Sent from my iPhone using Tapatalk

----------


## Frogfeet123

Get exo terra tree fern panels and silicone them to tank walls. Also you can use substrates that retain moisture well. I use the tree fern panels, and I only have to spray my tank once a day to keep moisture at 40 to 60%. Works quite well, even in Alberta!


Sent from my iPad using Tapatalk

----------


## AAron

I'm sorry I'm not sure what you mean, what are fern panels? 


Sent from my iPhone using Tapatalk

----------


## Frogfeet123

They are panels made from tree fern. They are super easy to use, and if you live in the states they are probably relatively easy to find in petstores. You just silicone them onto the sides of your tank and let the silicone dry for 24 hours. It looks really natural too! 

Here is a pic of my terrarium with the panels on the sides:



Just look up on google " exo terra tree fern panels" and they should come up with more details. 

Also, you can use coco fibre sheets which is a similar idea, just made from coconut fibre. Also easily found in pet stores. 

If you are unable to find them locally, you can order them off of amazon. Anymore questions just let me know!


Sent from my iPad using Tapatalk

----------


## AAron

Thank you very much for the help. I may have to do that. I got coco fibre in my terrarium and it didn't help. I too have a Whites Tree Frog!

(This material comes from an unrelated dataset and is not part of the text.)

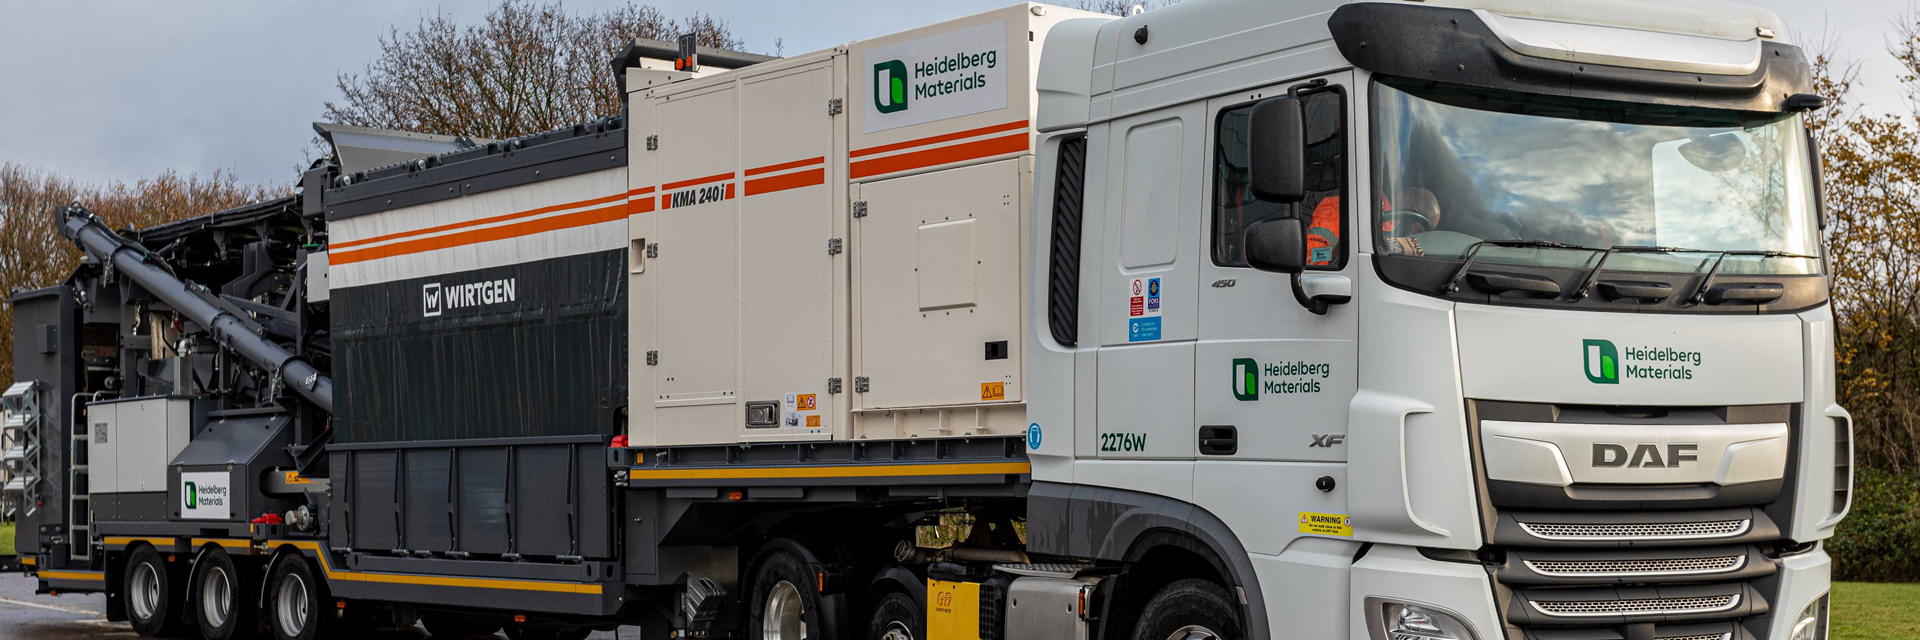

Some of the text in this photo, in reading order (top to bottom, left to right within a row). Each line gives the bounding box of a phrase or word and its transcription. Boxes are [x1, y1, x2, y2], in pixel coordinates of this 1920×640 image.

Sent from my iPhone using Tapatalk

----------


## Frogfeet123

Very cool! Yes I spent 100$ on a few packs of tree fern panels at EXPENSIVE petland, but completely worth it! 

What type of substrate do you use in your terrarium? How long have you had your whites?


Sent from my iPad using Tapatalk

----------


## AAron

I have had multiple Tree Frog species but I got him 3 months ago. His name is Max. The people at the pet store said he needs humidity no lower then 60% so it's been a hustle to get the humidity up. 


Sent from my iPhone using Tapatalk

----------


## AAron

It comes in bricks at Petco. I guess coco fibre. That's what it says. I have moss and full planted terrarium too


Sent from my iPhone using Tapatalk

----------


## Strider18

Be careful with moss as your frog can get a mouthful and get impacted!

0.0.1 PCf
Soon to come 0.0.4 Phyllobates bicolor  :Big Grin:

----------


## AAron

I don't feed him in the terrarium. I use a different bin because I'm afraid of that too


Sent from my iPhone using Tapatalk

----------


## AAron

Was it true what the lady said about the humidity? They keep theirs at 30-40% in the store. 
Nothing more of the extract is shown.